I am preparing for my exam and need help with the following task:
Let B={$\frac{m^2-n}{m^2+n^2}: n,m \in \mathbb{N}, m>n$}. Prove $supA=1$ and $infA=\frac{1}{2}$.
Well at first, I thought that we could show that $1$ is an upper bound and $\frac{1}{2}$ a lower bound. $$\frac{m^2-n}{m^2+n^2}<1 \leftrightarrow -n>n^2 \leftrightarrow-1<n$$ This is obviously true. Also $supA=1$ if for all $\epsilon>0$ there is a $m_*$ and $n_*$ such that $$\frac{m_*^2-n_*}{m_*^2+n_*^2}>1-\epsilon$$. But I don't know how to continue.
Unfortunately I also have problems proving that $infA=\frac{1}{2}$. Because if we say $$\frac{m^2-n}{m^2+n^2}>\frac{1}{2}$$ we get $$ (n+1)<\sqrt{m^2+1}$$ But what information does this give us. Then we have to show that for all $\epsilon$ there is an $m_*$ and $n_*$ such that $$\frac{m_*^2-n_*}{m_*^2+n_*^2}<\frac{1}{2}+\epsilon$$ Unfortunately I don't know how.
Is there anyone who could give me an advice? I would be very grateful.
Hints: For the supremum take $n_{*}=1$. You get $$\frac{m_*^2-n_*}{m_*^2+n_*^2}>1-\epsilon$$ if $m_{*}>\sqrt {\frac {2-\epsilon} {\epsilon}}$. [There is no loss of generality in taking $\epsilon <2$. Why?]

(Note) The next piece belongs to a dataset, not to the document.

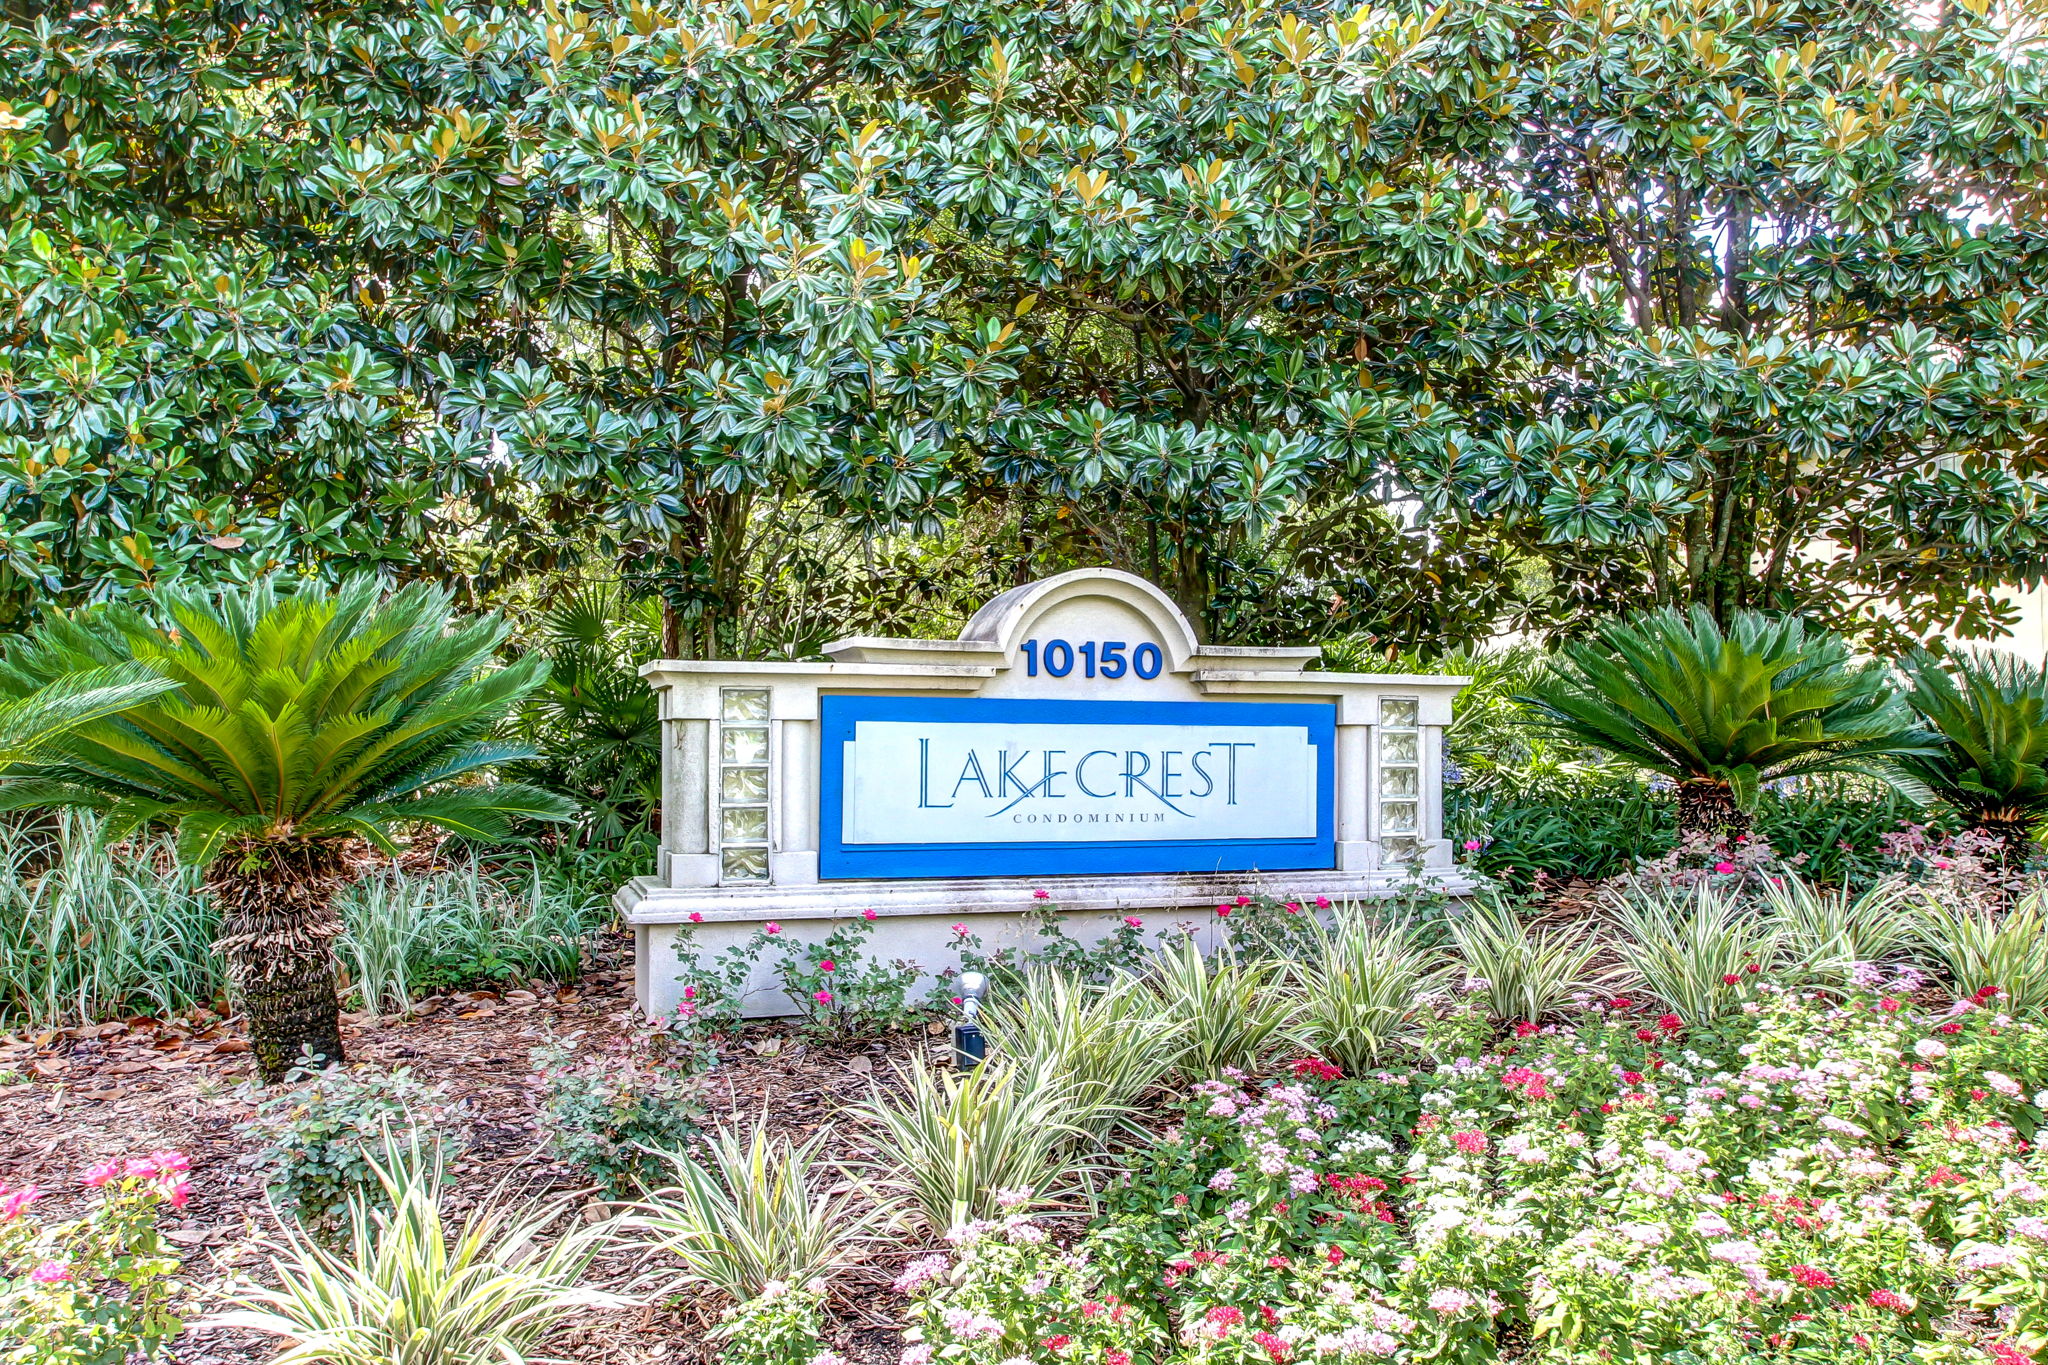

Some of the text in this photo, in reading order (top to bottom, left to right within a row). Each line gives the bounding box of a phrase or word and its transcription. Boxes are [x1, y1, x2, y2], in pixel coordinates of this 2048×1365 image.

[1021, 639, 1163, 680] 10150
[917, 738, 1256, 817] LAKECREST
[1013, 813, 1166, 824] CONDOMINIUM

For the infimum first note that $m >n$ implies $m \geq n+1$. From this you can see that $\frac 1 2 $ is a lower bound. Take $m_{*}=n_{*}+1$. Now you should be able to see that the given ratio is less than $\frac 1 2 +\epsilon$ if $m_{*}$ is sufficinetly large.